Abstract

Probably few people nowadays are aware of a chapter in the history of the Good News Bible (GNB) that eventually led nowhere. The GNB had been published in both US and British editions from its early days, and these two dialectal variants were widely perceived as meeting the needs of the vast majority of potential readers. However, 1988 was the year to commemorate the bicentenary of British settlement in Australia, and the Australian Bible Society decided it would like to join in the celebrations by producing an Australian dialect edition of GNB to mark the occasion. This idea was greeted by the GNB copyright holder, the American Bible Society, with a disapproval perhaps amounting to horror. The fear apparently was that such an edition might spark off a demand for numerous other dialect editions such as Indian English, Caribbean English, South African English, and so on. As a compromise, it was proposed to investigate the possibility of producing an edition that would unify the existing American and British editions with the Australian edition that was already under preparation. This work was to be done quietly by a team of three people, each representing one of the dialects involved.
As a result of these back-room negotiations about which most UBS staff knew nothing, on June 20, 1985, during the Asia-Pacific Regional Translation Consultation in Hong Kong, I was astonished to be invited by Phil Stine, the world Translation Services Coordinator, at a meal in a pizzeria, to be the British English member of the triumvirate. The American member was to be Harold Scanlin and the Australian Euan Fry, the man who had already done a lot of the work on the potential Australian dialect edition. That meal was also memorable as the occasion on which Phil Stine discovered a large metal bolt under the cheese on his pizza!
The work of trying to unify the existing US and UK editions of GNB with the provisional Australian edition was to be done mainly by individual study and correspondence among the three of us, with occasional meetings when opportunity offered. I was allowed to spend up to a third of my working time on the project, which did indeed prove an intriguing and challenging task. The three of us had our first meeting in Bangkok on February 3–6, 1986, when we were there for other reasons, and a second meeting in London on September 22–25, 1986. We managed to cover quite a few of the books of both the Old Testament and the New, encountering many interesting questions in the process. Unfortunately, I do not seem to have preserved our interim correspondence, and I do not know whether any copies have survived in the USA or Australia. My memory is that we were able to reach a consensus on many points, while others were put aside for face-to-face discussion. It was not usually too difficult to come to mutual agreement on such matters as figures of speech or syntax. For instance Euan insisted that the word “whom,” which remained acceptable in the US and UK editions, was virtually obsolete in Australian English, so sentences where it occurred needed to be restructured to avoid it.
The real sticking points were on vocabulary. These I believe had been the main reason for the original decision to have different American and British editions of GNB. The classic example is the difference between “rooster” in US editions and “cock” in UK editions.

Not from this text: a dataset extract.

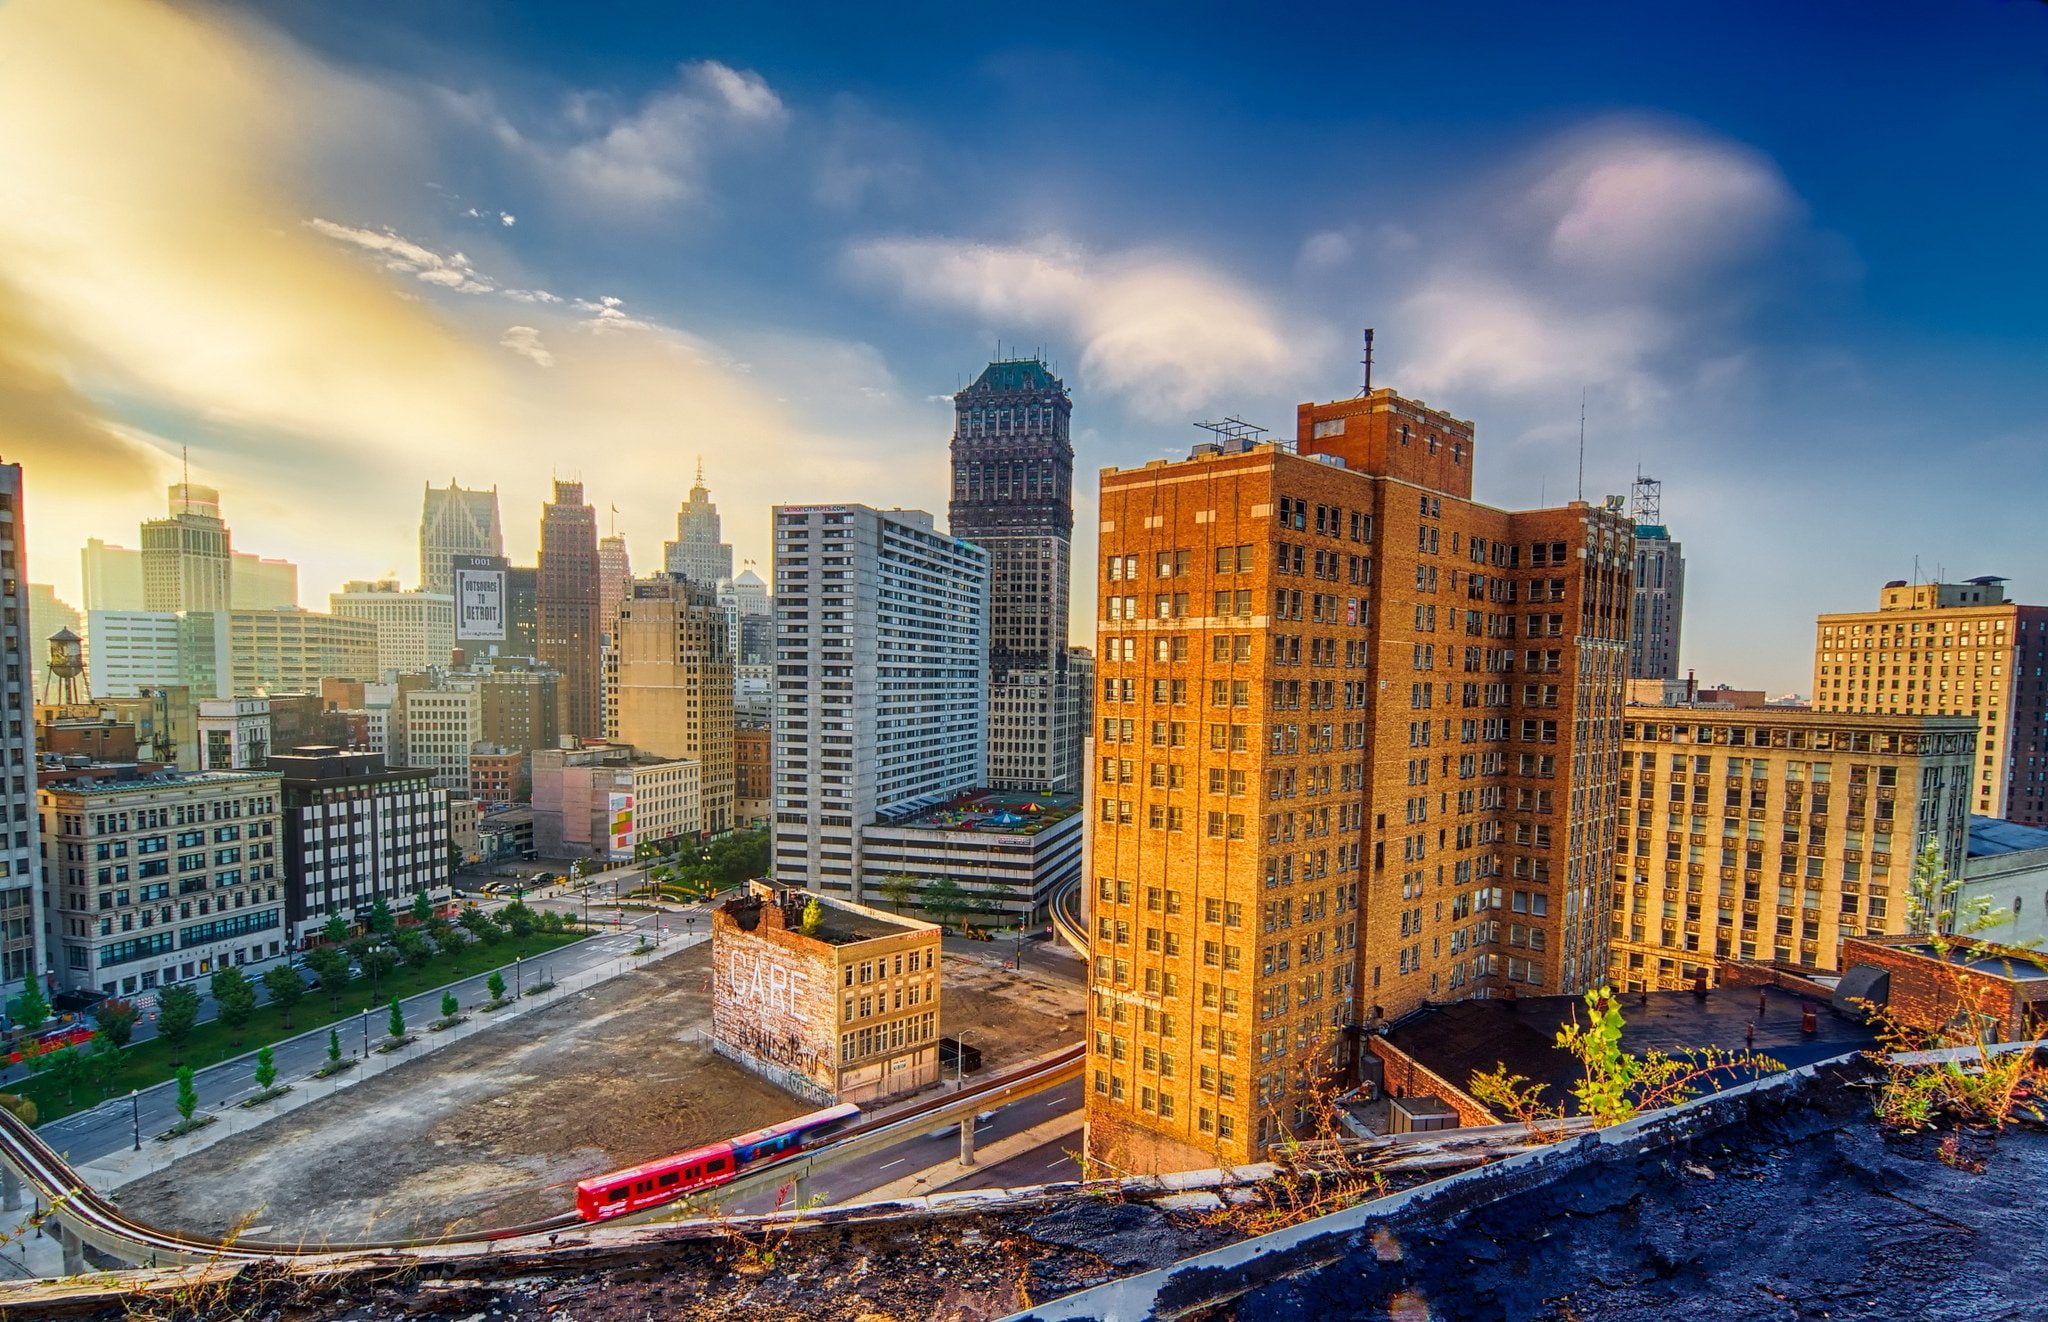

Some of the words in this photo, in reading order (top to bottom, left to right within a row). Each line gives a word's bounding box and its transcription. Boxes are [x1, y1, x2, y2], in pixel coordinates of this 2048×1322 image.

It was not theological terms that presented us with major problems, but very ordinary words, two of which I remember clearly. One was “brook,” which was acceptable in both American and British English, but which Euan declared to sound archaically British to modern Australians. He felt that “stream” was also unnatural. In Australian English such biblical watercourses as Cherith and Kidron would be called “creeks.” For me, and I assume for the majority of British English speakers, a “creek” is a tidal inlet of the sea, and the coast of the Holy Land does not offer such inlets, so “creek” would have been seriously misleading for British readers. Indeed, I had previously been rather puzzled when travelling in Queensland to cross bridges over watercourses that were far from tidal and to see them labelled “creeks” on signboards. We were unable to find any term that satisfied all three of us.
The other common word that defeated us was “field.” In agricultural contexts this was again acceptable both to Harold and to me, with the meaning of an arable plot of land, but Euan assured us that the only equivalent acceptable in modern Australian English was “paddock.” In British English, a “paddock” is a place where horses are exercised and has nothing to do with agriculture, and if I remember aright, Harold agreed. Therefore “paddock” would not convey the intended meaning at all to our audiences. Again, we never found any satisfactory compromise. In what proved to be our final meeting in London, we were reluctantly coming to the conclusion that despite all the effort we had put into the task, an edition that would be acceptable to all of us was simply not possible. While we were still in session, we received a message that the powers that be had decreed that our project had been cancelled. Whether this was for financial or political reasons, I don’t think we were ever told.
The eventual outcome was that the Australian dialect edition of GNB was published anyway in time for the 1988 bicentennial without the permission of the ABS copyright holder. However, when anonymous evaluators at ABS examined the Australian edition, they recognized that it was a careful and responsible piece of work, and rather reluctantly decided to acquiesce in its publication and take no further action.